When scholars look deeper into the supposed pay disparity between men and women, they find that almost all of the difference in pay can be attributed to things such as hours worked, education levels, field of work and other choices that women themselves make about their own life. For example, at my college the finance department is dominated by boys while the teaching and nursing schools are dominated by women. Now despite the fact that nursing and teaching are more valuable to our society than a bunch of financiers, the reality is that the male finance students will end up making more than the female teaching students.

Some claim that even when you account for these types of disparities, the pay gap still exists. That may be true, and it is probably because of the huge elephant in the room for this whole debate- women bear children.

If teaching and nursing may be important for our society, but no job even comes close to the importance of child rearing. But as any parent will attest to, raising kids is hard. Now due to certain biological facts that I shouldn’t have to explain, women take a more central role in raising a child than men do. Because of this, women will often take a break from their career to have a child, and will pursue jobs with flexible hours once the child is born. The side effect of making these decisions is that the types of jobs and careers with this kind of flexibility do not pay as much as other jobs.

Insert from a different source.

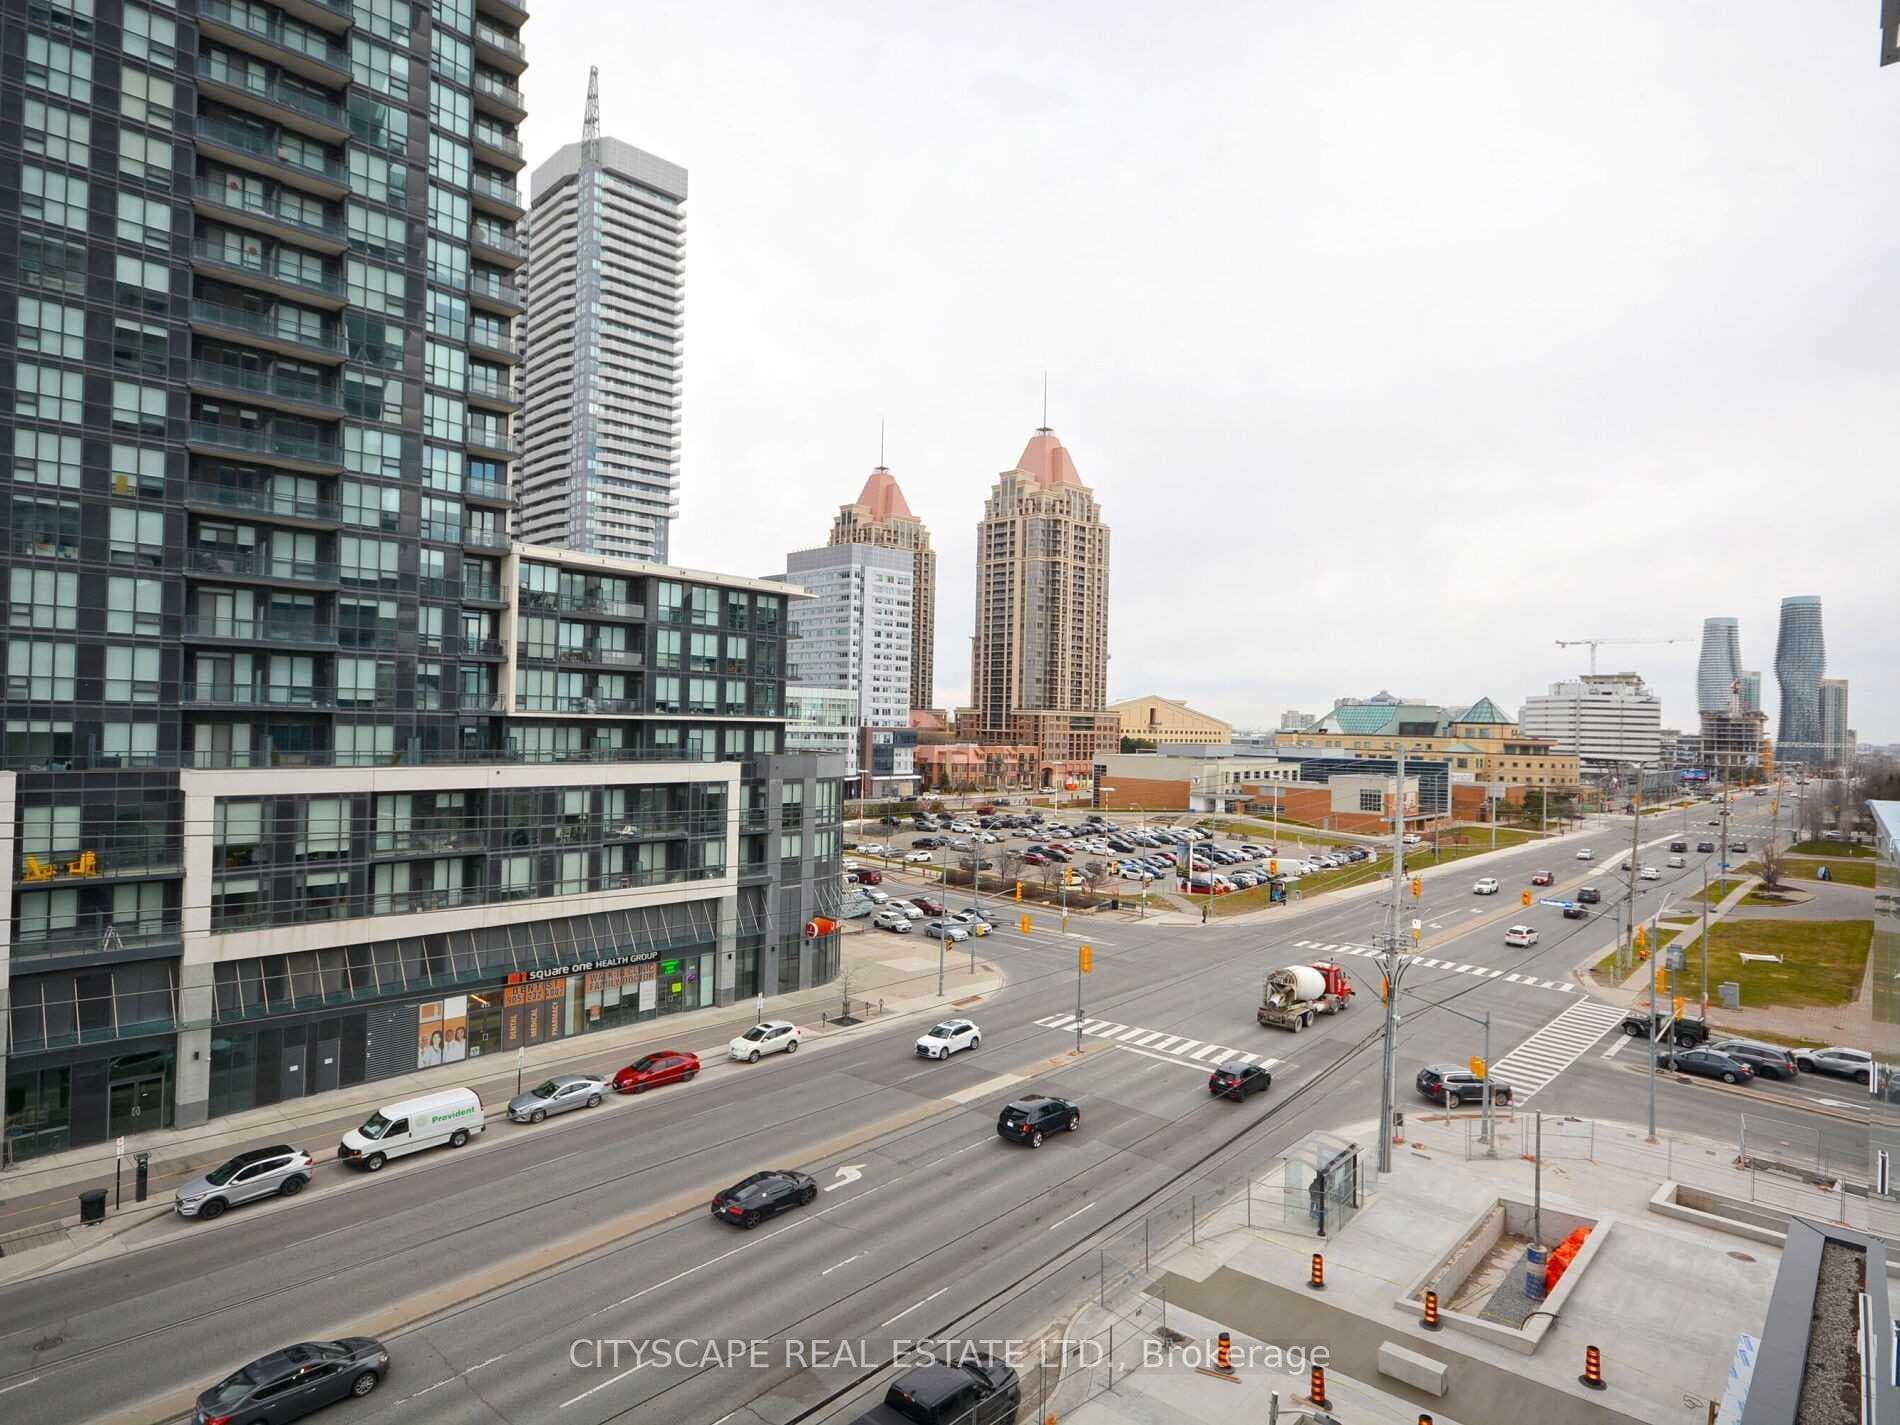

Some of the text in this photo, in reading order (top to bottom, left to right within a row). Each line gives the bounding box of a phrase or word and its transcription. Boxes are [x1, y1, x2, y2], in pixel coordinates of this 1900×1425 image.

[529, 952, 658, 980] square one HEALTH GROUP
[432, 1106, 475, 1124] Provident

But why not just pass fair pay legislation to ensure that when a woman does the exact same job as a man she gets paid the exact same? Because lawyers.

What fair pay legislation does is make it easier for women to sue their employers (under our 50 year old pair pay law) for paying them less than men. The proposed laws make it so that employers are essentially assumed to be guilty of gender discrimination unless they prove that any pay disparities come from factors other than gender (i.e. the opposite of how justice is supposed to work). This is a problem because it encourages more lawsuits against companies, and shifts the burden of proof onto the company instead of the employee. I can accept women being able to sue their employers for discrimination, but the system needs to be set up so that the woman is not encouraged to sue unless she has a strong case, therefore limiting the amount of useless litigation (our country already has a crisis of suing over everything and it takes resources from productive activities in the economy).

In the end this whole paycheck fairness push is just a way to whip up the Democratic base for elections and secure campaign donations from lawyers, who are the only ones that would benefit from all the extra litigation.